The above descriptions are only preferred embodiments of the present invention, and are not intended to limit the present invention. For those skilled in the art, the present invention may have various modifications and changes. Any modifications, equivalent replacements, improvements, etc. made within the spirit and principles of the present invention shall be included within the protection scope of the present invention.

Claims (10)

1. a kind of processing technology of aluminium alloy blade section bar is it is characterised in that adopt hot extrusion molding：By 490～510 DEG C of aluminum Alloy cast ingot extrudes through 440～460 DEG C of recipient to 470～480 DEG C of mould molding.

2. a kind of processing technology of aluminium alloy blade section bar according to claim 1 is it is characterised in that described recipient Extruded velocity is 0.5～1mm/s, and outlet temperature is 520～550 DEG C.

3. a kind of processing technology of aluminium alloy blade section bar according to claim 1 is it is characterised in that described aluminium alloy is cast During ingot hot extrusion molding, extrusion ratio is 30～60.

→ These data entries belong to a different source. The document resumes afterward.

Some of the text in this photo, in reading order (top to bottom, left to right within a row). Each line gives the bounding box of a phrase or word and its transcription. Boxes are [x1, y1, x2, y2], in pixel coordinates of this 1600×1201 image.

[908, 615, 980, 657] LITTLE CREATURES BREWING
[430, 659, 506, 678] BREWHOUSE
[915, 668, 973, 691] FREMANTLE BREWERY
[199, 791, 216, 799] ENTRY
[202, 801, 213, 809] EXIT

4. a kind of processing technology of aluminium alloy blade section bar according to claim 1 is it is characterised in that described processing technology The extrusion profile also including hot extrusion molding is obtained carries out straightening pull, and before straightening pull, extrusion profile is cooled to 60 Below DEG C.

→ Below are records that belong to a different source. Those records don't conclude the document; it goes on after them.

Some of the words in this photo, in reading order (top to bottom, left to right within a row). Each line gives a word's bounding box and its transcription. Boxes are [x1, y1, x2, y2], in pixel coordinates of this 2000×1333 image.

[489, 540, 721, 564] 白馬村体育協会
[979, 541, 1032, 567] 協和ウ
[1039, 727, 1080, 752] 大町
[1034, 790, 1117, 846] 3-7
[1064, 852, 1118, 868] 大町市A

5. a kind of processing technology of aluminium alloy blade section bar according to claim 4 is it is characterised in that described extrusion profile After online air-cooled quenching device cools down, surface temperature, at 80～150 DEG C, then naturally cools to less than 60 DEG C.

6. a kind of processing technology of aluminium alloy blade section bar according to claim 4 is it is characterised in that described aligning draws Stretch, its extensibility is 1～1.5%.

7. a kind of processing technology of aluminium alloy blade section bar according to claim 6 is it is characterised in that rectify extrusion profile After vertical pulling is stretched, then section bar is sawed into specific length.

8. a kind of processing technology of aluminium alloy blade section bar according to claim 7 is it is characterised in that described section bar is through fixed After chi sawing, artificial aging must be carried out.

9. a kind of processing technology of aluminium alloy blade section bar according to claim 8 is it is characterised in that described artificial aging It is aluminium section bar to be warming up to 170～180 DEG C and is incubated 8h, then naturally cool to room temperature.

10. the aluminum that a kind of a kind of processing technology of the aluminium alloy blade section bar described in any one according to claim 1～9 is obtained closes Golden blade.